The task: A faithful copy of the entries, without any pictures, is what is needed here.

Stored data entries
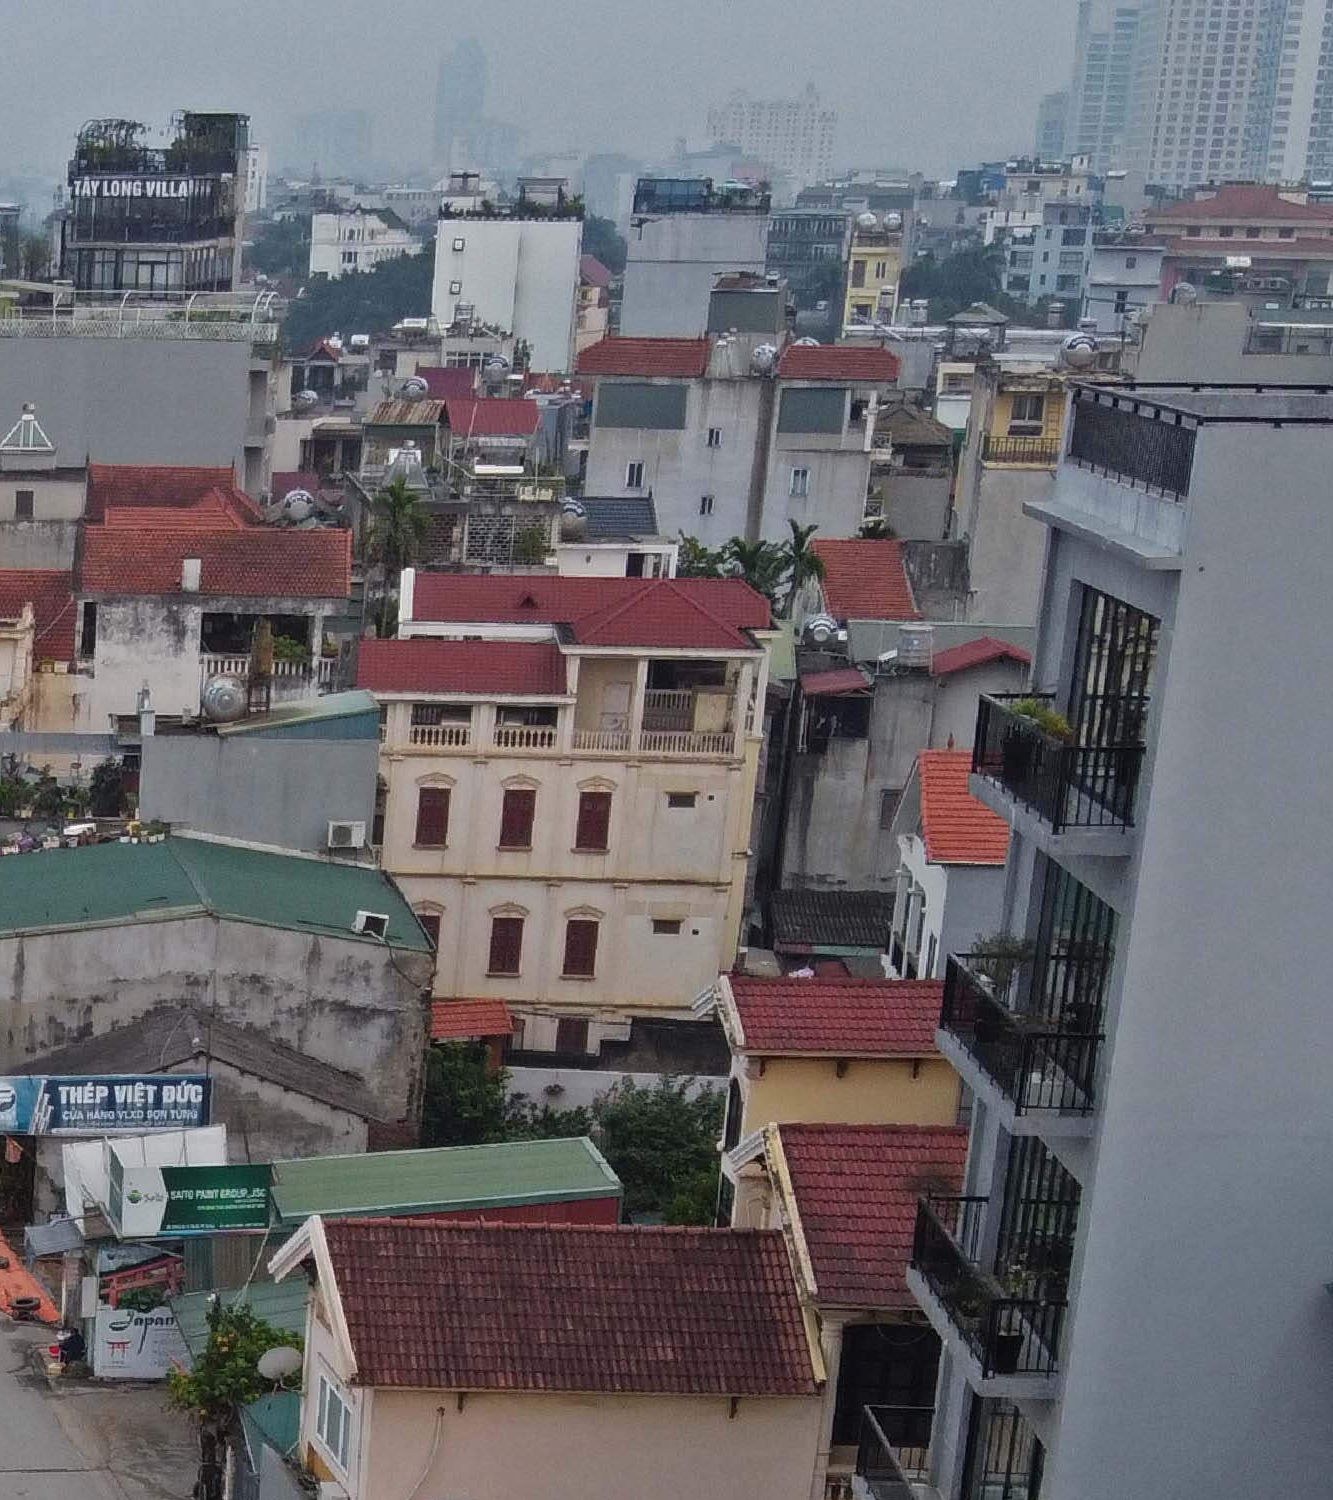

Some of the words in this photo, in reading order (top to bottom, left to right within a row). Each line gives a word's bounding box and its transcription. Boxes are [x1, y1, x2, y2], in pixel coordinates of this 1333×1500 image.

[74, 177, 100, 197] TÂY
[102, 180, 142, 197] LONG
[145, 180, 188, 198] VILLA
[58, 1081, 109, 1104] THÉP
[114, 1081, 158, 1106] VIỆT
[161, 1079, 204, 1103] ĐỨC

Output:
Some of the words in this photo, in reading order (top to bottom, left to right within a row). Each line gives a word's bounding box and its transcription. Boxes are [x1, y1, x2, y2], in pixel coordinates of this 1333×1500 image.

[74, 177, 100, 197] TÂY
[102, 180, 142, 197] LONG
[145, 180, 188, 198] VILLA
[58, 1081, 109, 1104] THÉP
[114, 1081, 158, 1106] VIỆT
[161, 1079, 204, 1103] ĐỨC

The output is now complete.